第6話 ネバー・ゴーイング・バック

 醜悪な姿だ。時間が経過しない段階であれば、へどろをそのまま人型に押し固めたようにしか見えないだろう。誰もが恐怖する原初のかたち。

 奴は自分の攻撃が受け止められたなどとは思わなかったようで、後ずさった。

 体勢を立て直すつもりらしい。

 させるか。足払い。

 倒れこむ。ガラス片が散る。向き直りマウント。こぶしを振り下ろす。

 回避される。

 後方へ。

 手近な瓦礫を投げた。

 前転とともに回避。脚部が縮みこんでいる。床を掻いている。飛びかかってくる気だ。

 腰を落とす。

 奴の姿が眼前から消えた。

 ――視界に影。やつはそこにいた。

 再びの手刀が、今度は上空から振り下ろされた。

 だが。それも回避。動きが大振りすぎた。

 そのまま、右こぶしを前方へと突き込んだ。

 やつの腹部に直撃。どろどろの身体が波紋のようにたわんで、叫び声が漏れる。

 捩じりこむ――気力を、込めるようにして。


 やつは吹き飛んだ。風が裾を揺らす。

 壁に、大の字になって叩きつけられる。

 周囲にひびが入り、ずるずるとずり落ちていく。

 すかさず前方へ。

 完全に倒れこむ直前に――奴の眼前へとやってきて、その首を掴んでぎりぎりと引き上げる。

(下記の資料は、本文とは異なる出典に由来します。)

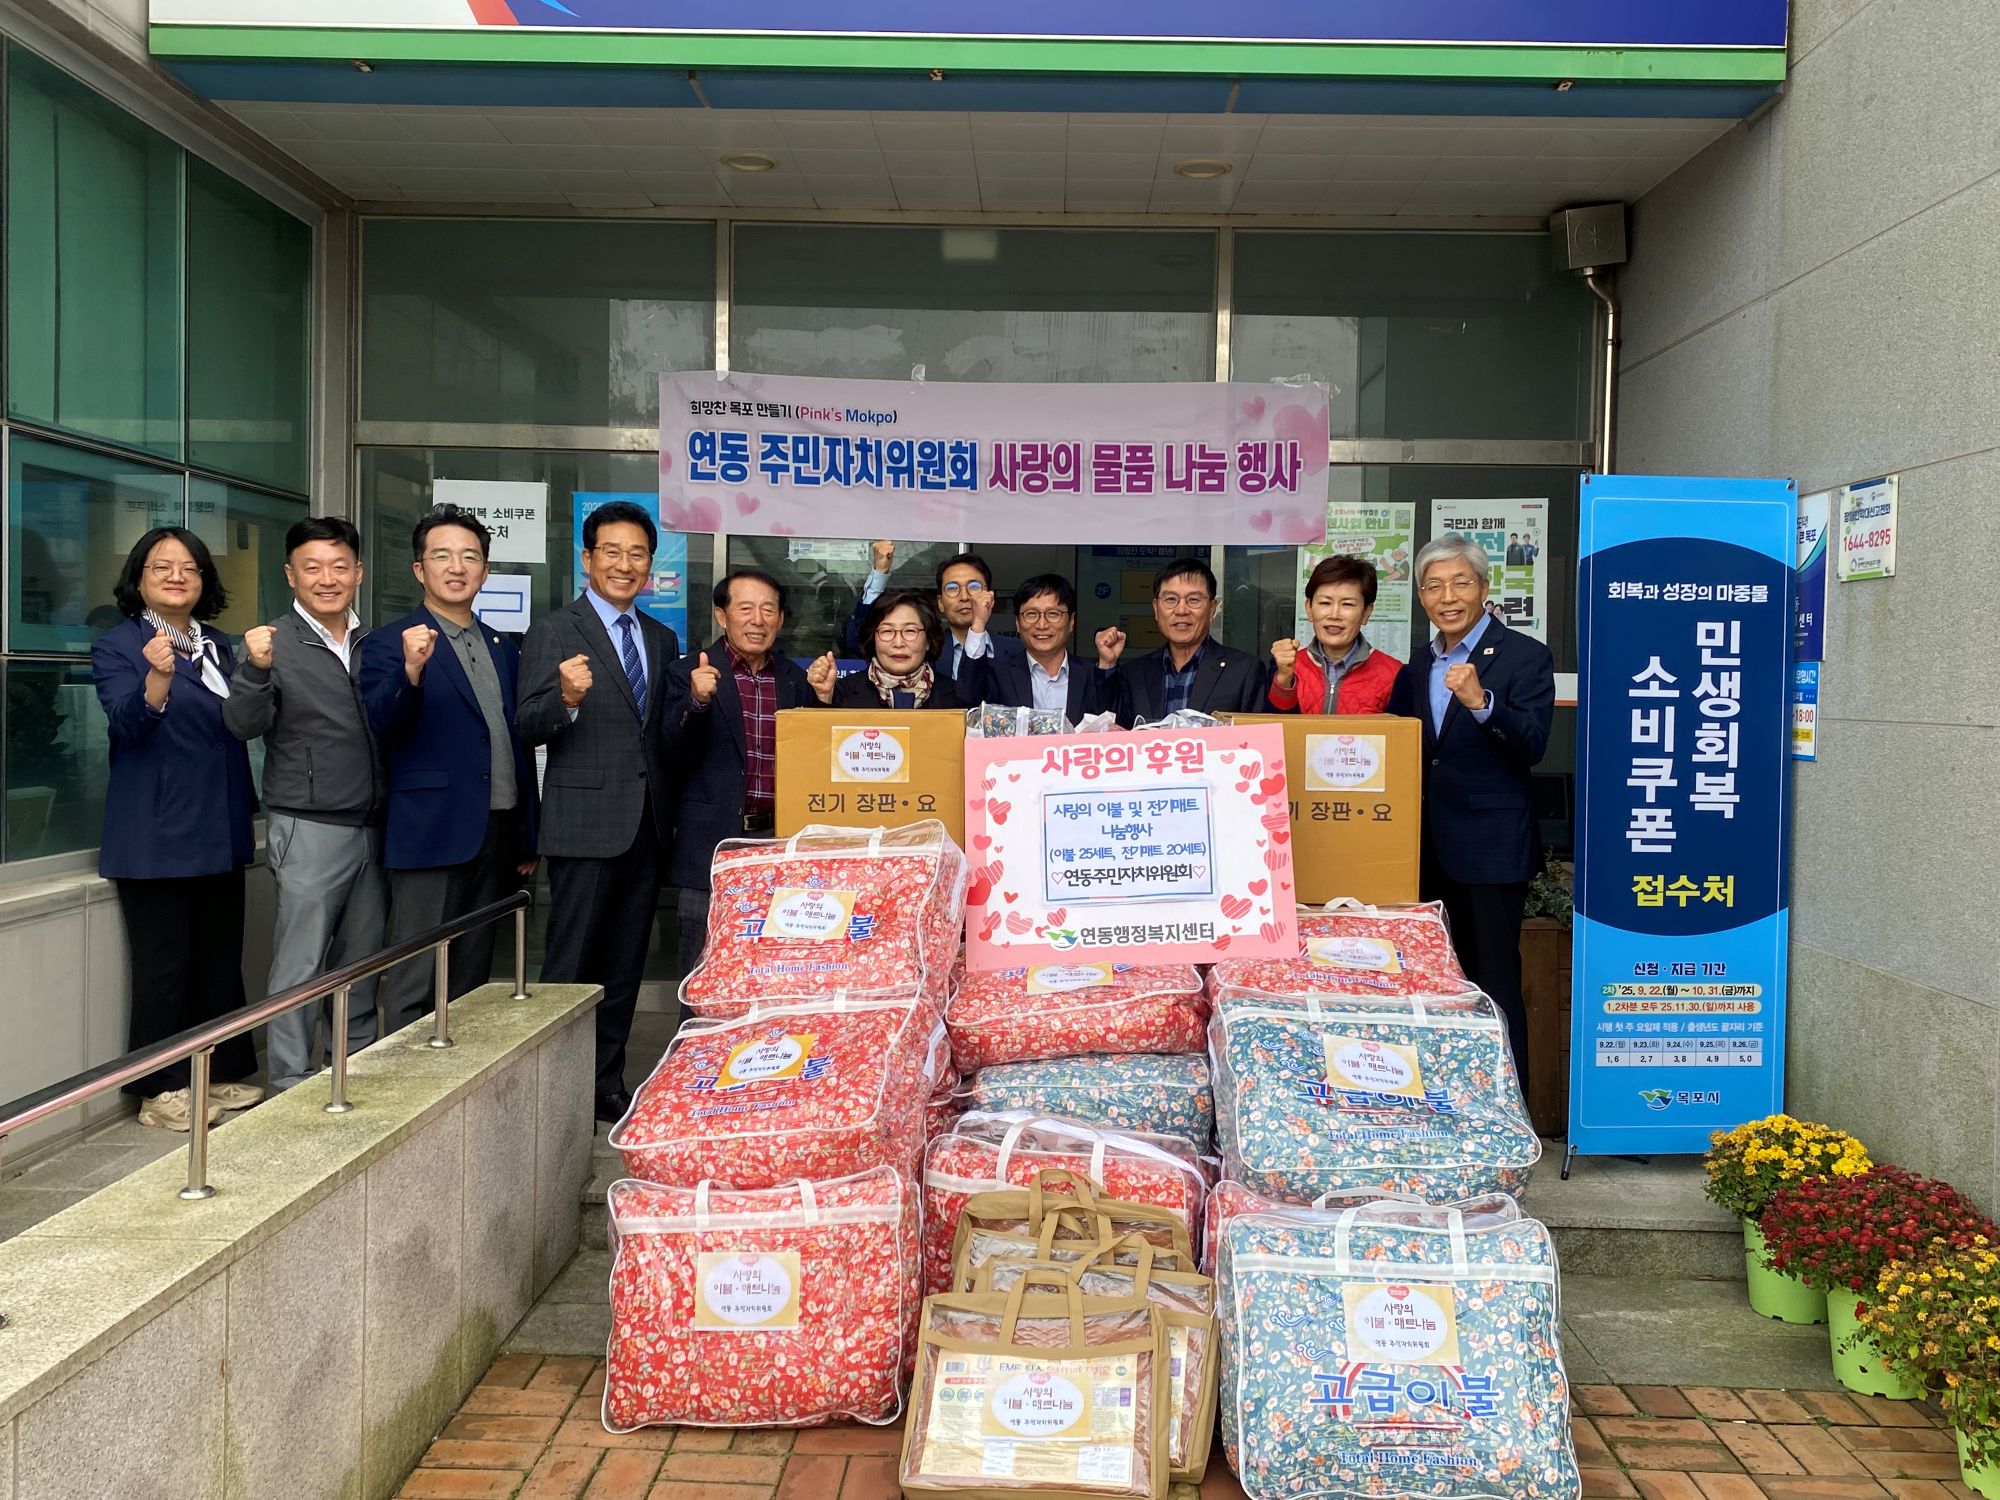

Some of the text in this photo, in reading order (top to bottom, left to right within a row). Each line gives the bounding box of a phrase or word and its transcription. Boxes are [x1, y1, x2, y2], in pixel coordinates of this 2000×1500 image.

 不可解な声を出しながら、手足と思われる部位をばたつかせてみせる。

 だが、まるで彼は動かない。鉄芯のように直立したままだ。その目にはただ、怒りがあった。

 怪物はその憤激を察知したのか、首から手を剥がそうとする動きをやめた。

 そのかわり、片方の手をまたするどくとがらせて――がら空きになっている胴体へと射出した。

「っ……!」

 激痛。思わず息が漏れそうになる。

 奥歯を噛みしめて耐え抜く。わずかに視線を下へ。手刀。哄笑が聞こえた気がした。

 ふざけるな。

 片腕を、手刀の側へ。つかむ。

 あらん限りの力を込めて、捩じり上げた。

 ずるりと、腹部から手刀が抜ける。おかしな方向に曲がったその腕。今度はそれを、相手の腹部に向けた。自分以上であろう痛みを受けて、怪物は絶叫した。

 さらに抵抗が激しくなる。しかし、彼はより首を絞める力を強くした。いささかも緩まない。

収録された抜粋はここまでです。